Question: What is the difference between God and a teacher?

Answer: God knows everything, and a teacher knows everything better.


Wit is the ability to say something that is both (sowohl) clever and (als auch) amusing. Here is an example of a witty one-liner:

Genius is one per cent inspiration and ninety-nine per cent perspiration (Schweiß). -Thomas Edison


Wordplay is a play on words. Words that have two meanings or different words that sound (klingen) the same are used in an amusing way.

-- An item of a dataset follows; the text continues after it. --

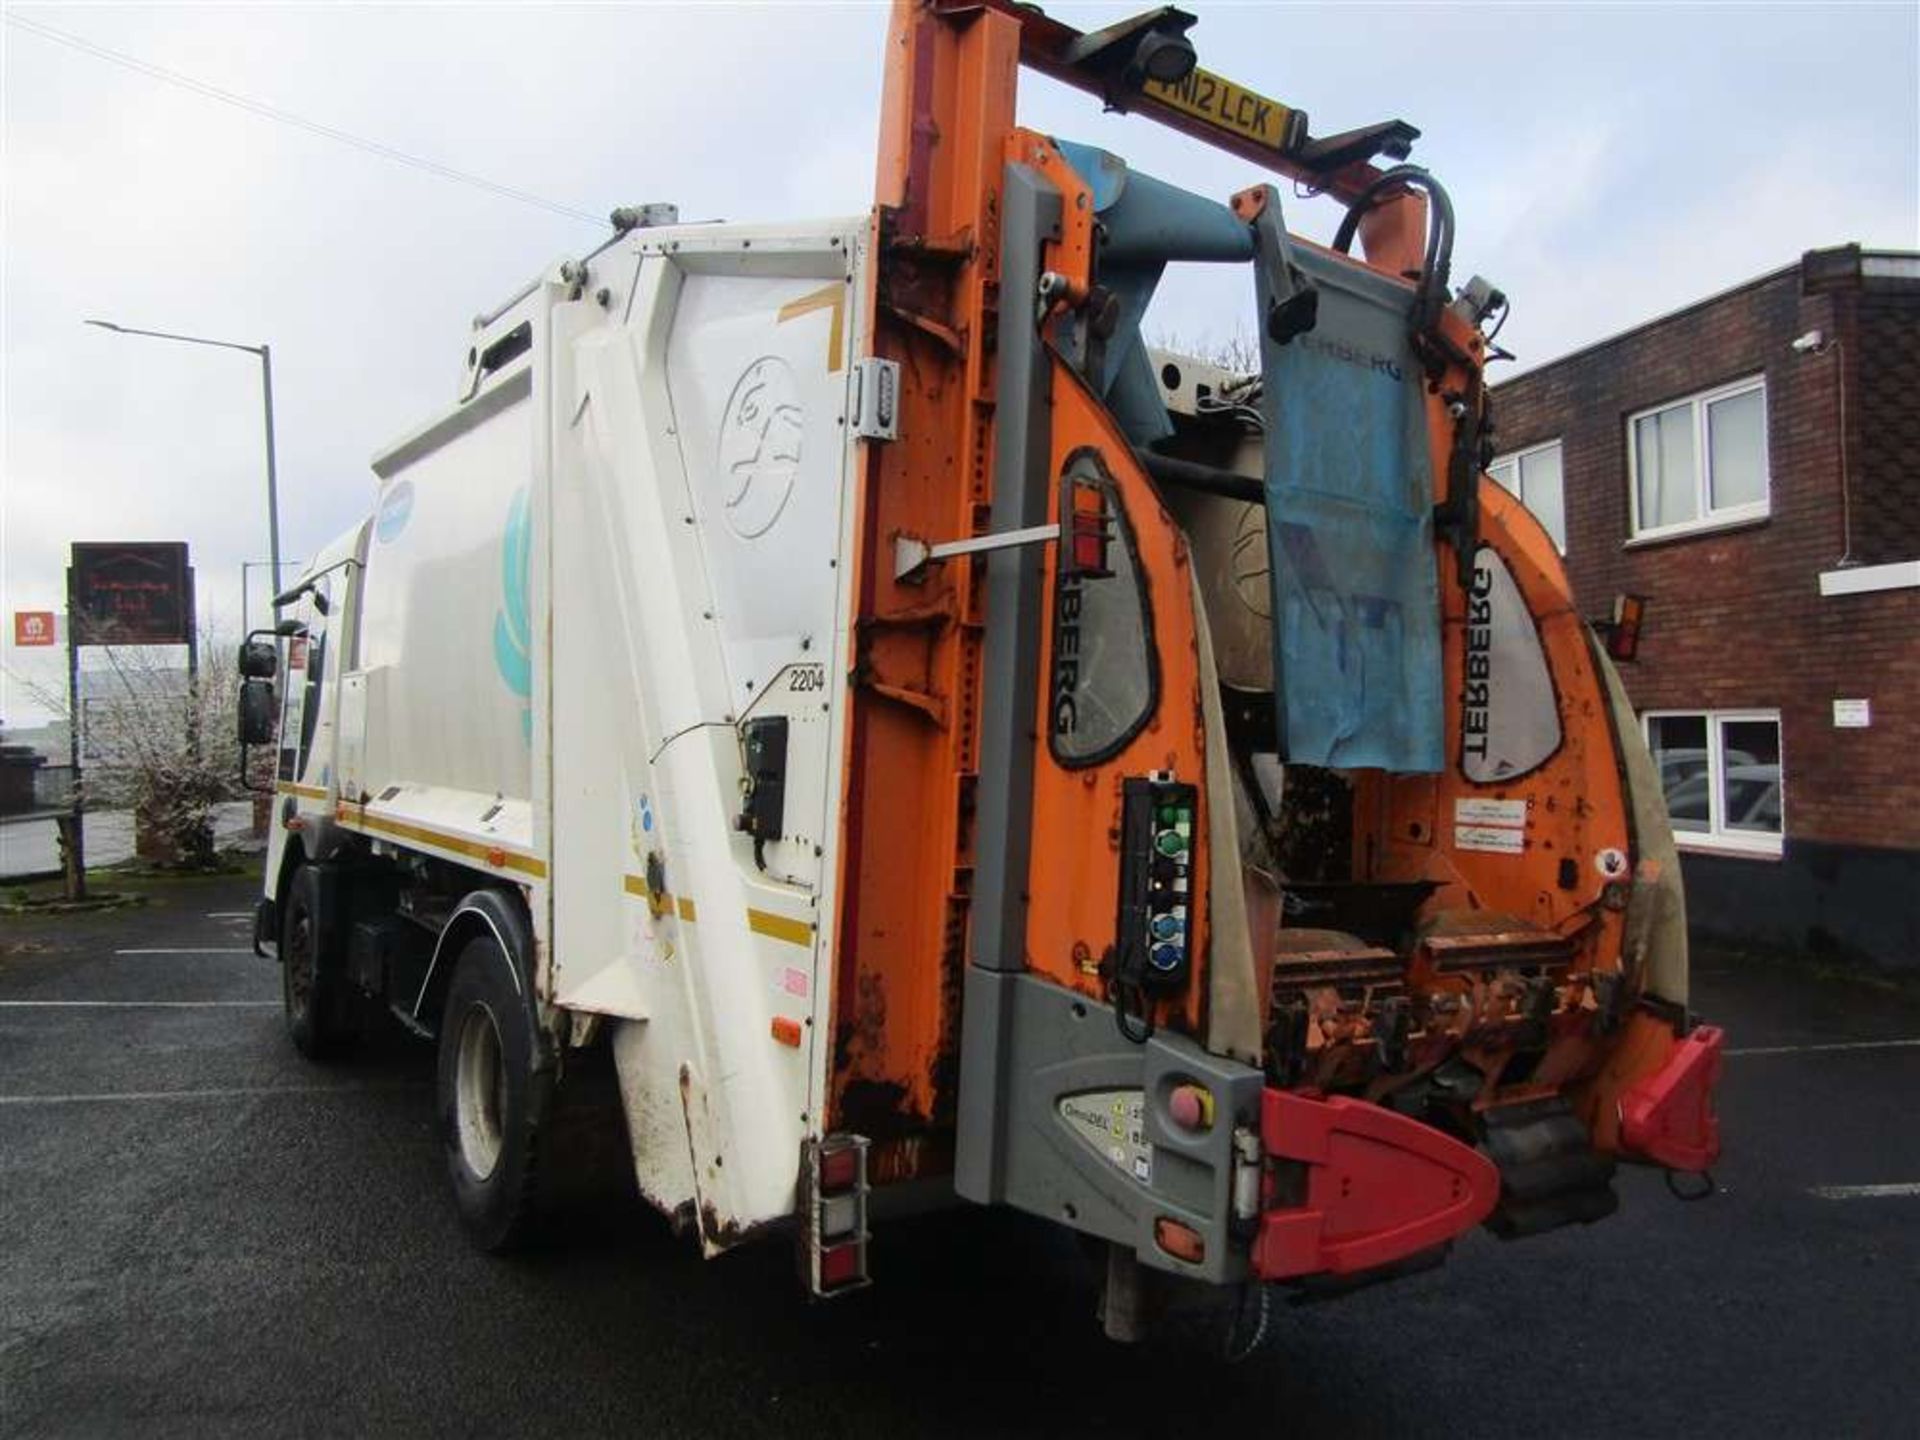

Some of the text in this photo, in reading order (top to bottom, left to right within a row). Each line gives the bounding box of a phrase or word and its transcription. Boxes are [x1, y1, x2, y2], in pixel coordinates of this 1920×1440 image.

A bicycle can’t stand on its own because it is two-tired.




Question: What do aliens (außerirdische Wesen) eat on Sundays?

Answer: Unidentified frying objects.


Question: Why do aliens often spill (verschütten) their tea?

Answer: Because they have flying saucers (Untertassen).

First things first

Three aliens have decided to go to Earth. They have agreed to see a unicorn (Einhorn) and the Loch Ness monster first.


Question: Why didn’t the aliens enjoy the welcoming party in Arizona?

Answer: They felt it had no atmosphere.


Americans in Paris

Two American tourists are touring Europe. On Sunday morning they enter a cathedral in Paris to attend the service (Gottesdienst). The trouble is, they don’t understand French. One of them has an idea, and he suggests (schlägt vor), “We look at the man in front of us, and whatever he does, we’ll do.“

His friend agrees, and all goes well for an hour. Then, while everyone is seated, the priest says something in French, and the man siting in front of them stands up. The two Americans got up as well (ebenfalls). The French churchgoers giggle (kichern).

Realizing that they must have made a mistake, they ask the priest at the end of the service why everybody laughed at them. He explains, “Well, I announced (kündigte an) the baptism (Taufe) of a child and asked the father of the little girl to stand up.“

Catching thieves(Diebe)

In China they invented a machine that captures (fängt) thieves. They tested it in Wuhan, and it caught ten thieves within a day.